For four decades, her research has been focusing on RNA-mediated mechanisms with the ultimate goal of developing in vitro-transcribed (IVT) mRNA for protein therapy. She investigated RNA-mediated immune activation and together with Dr. Drew Weissman discovered that nucleoside modifications suppress immunogenicity of RNA. This groundbreaking work unlocked the opportunity for the therapeutic use of mRNA. Her patent, co-invented with Dr. Weissman on nucleoside-modified uridines of mRNA, was the foundation for the FDA-authorized anti-SARS-CoV-2 mRNA vaccines developed by BioNTech/Pfizer and Moderna/NIH that are crucial to ending the global pandemic.
She received her Ph.D. in biochemistry from University of Szeged, Hungary, in 1982. Her thesis work involved synthesis and antiviral evaluation of 2’-5’-linked oligoadenylates, called 2-5A, that is responsible for the interferon-induced antiviral mechanism. Her research focused on 2-5A generated with nucleoside analog, cordycepin. In 1985, after moving to Temple University, Philadelphia, she studied 2-5A molecules modified at their nucleosides. In 1989 she started to work at the University of Pennsylvania, where she used IVT mRNA to overexpress selected proteins in cultured cells. Her first success was when she demonstrated that functional highly processed proteins were generated from IVT mRNA transfected into cultured mammalian cells, suggesting that mRNA encoding therapeutic proteins have the potential for treating various diseases. However, she, together with Drew Weissman demonstrated that IVT mRNA is immunogenic and thus unfit for therapeutic use. They identified uridine as being responsible for this activation. After searching for years, they discovered that incorporating naturally-occurring modified nucleosides such as pseudouridine into the mRNA, the newly created mRNA was highly translatable and avoided activation of TLR7 and TLR8 in human immune cells. They also invented a purification procedure that further increased the translational capacity of the mRNA.

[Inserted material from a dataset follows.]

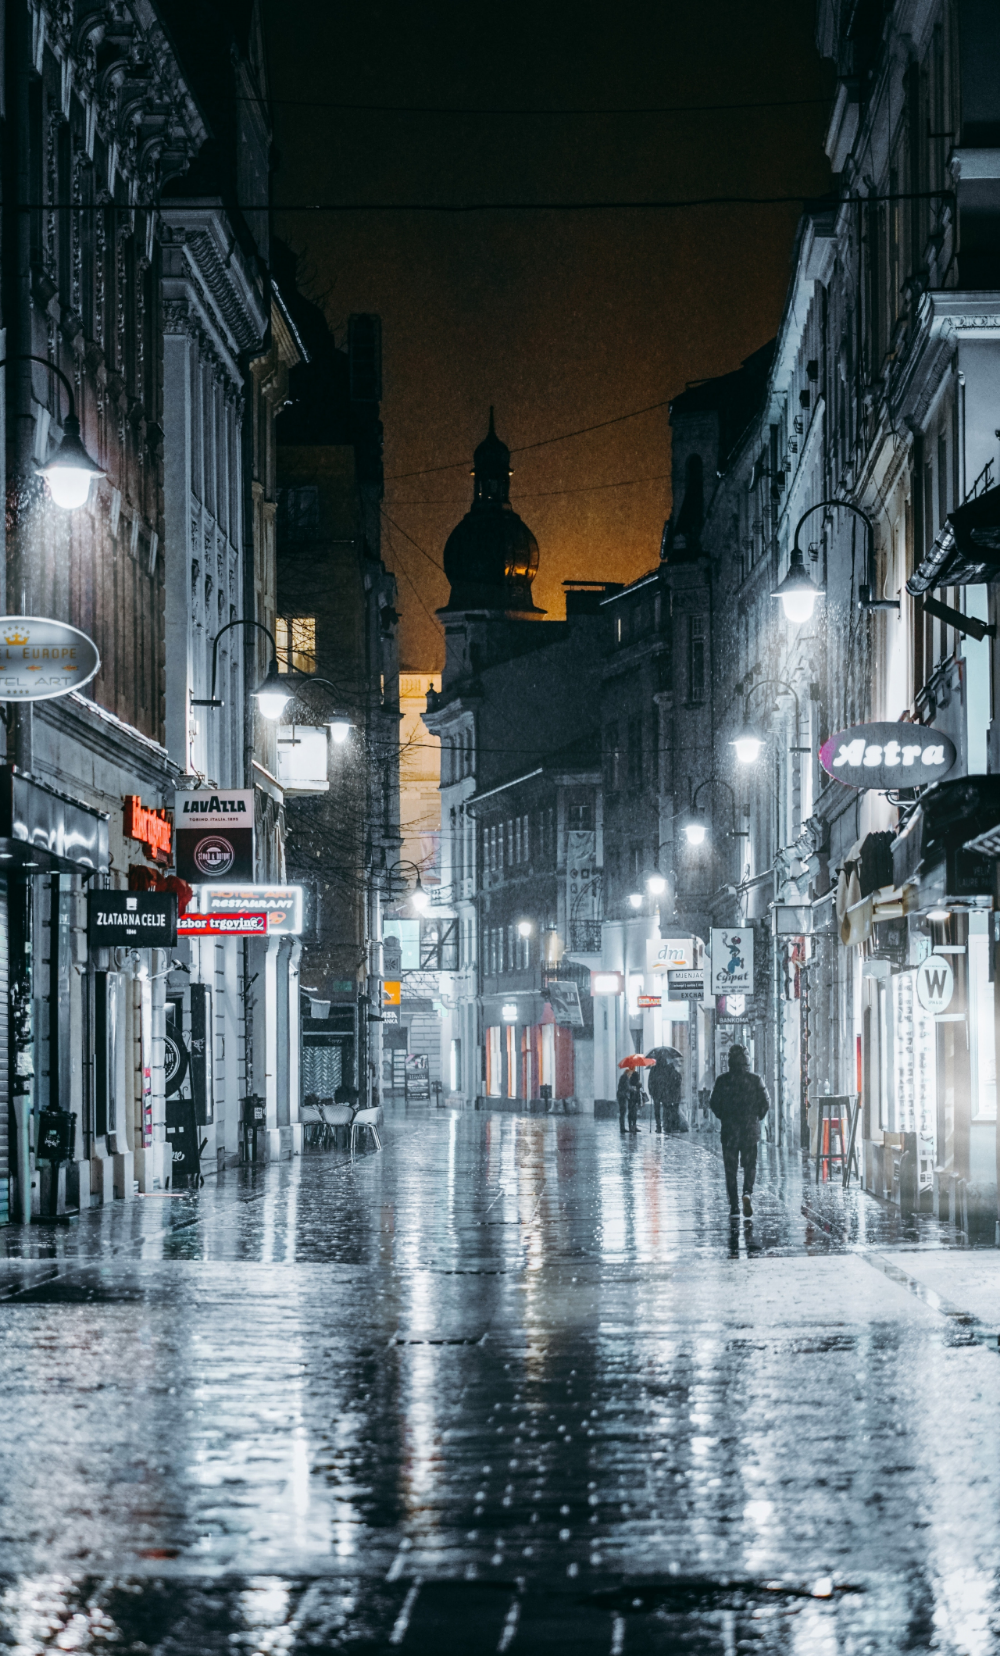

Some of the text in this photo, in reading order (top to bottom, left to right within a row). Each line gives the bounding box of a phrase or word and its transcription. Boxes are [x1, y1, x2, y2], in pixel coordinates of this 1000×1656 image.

Together with her colleagues, she demonstrated functional use of nucleoside-modified mRNA encoding antibodies for the treatment of cancer and infectious diseases. In animal models of multiple sclerosis, they used autoantigen-encoding mRNA and proved that this mRNA technology can be applied for induction of tolerization, thus opening the possibility of treating autoimmune diseases. She also initiated a clinical study in which tumors of patients were injected with modified mRNAs encoding cytokines, thus promoting potent antitumor immunity and tumor eradication at local and remote sites. She is the co-inventor on 10 patents granted by US and related to application of non-immunogenic, nucleoside-modified RNA. Together with Dr. Weissman, she co-founded RNARx, a small biotech company dedicated to develop nucleoside-modified mRNA for therapy. She served as CEO of RNARx from 2006-2013. She is a founding member of the scientific planning committee for the International mRNA Health Conference, an annual non-profit meeting for advancements of mRNA technology, inaugurated in 2013. She was a guest editor of the Molecular Therapy special issue on mRNA Therapy, in 2019.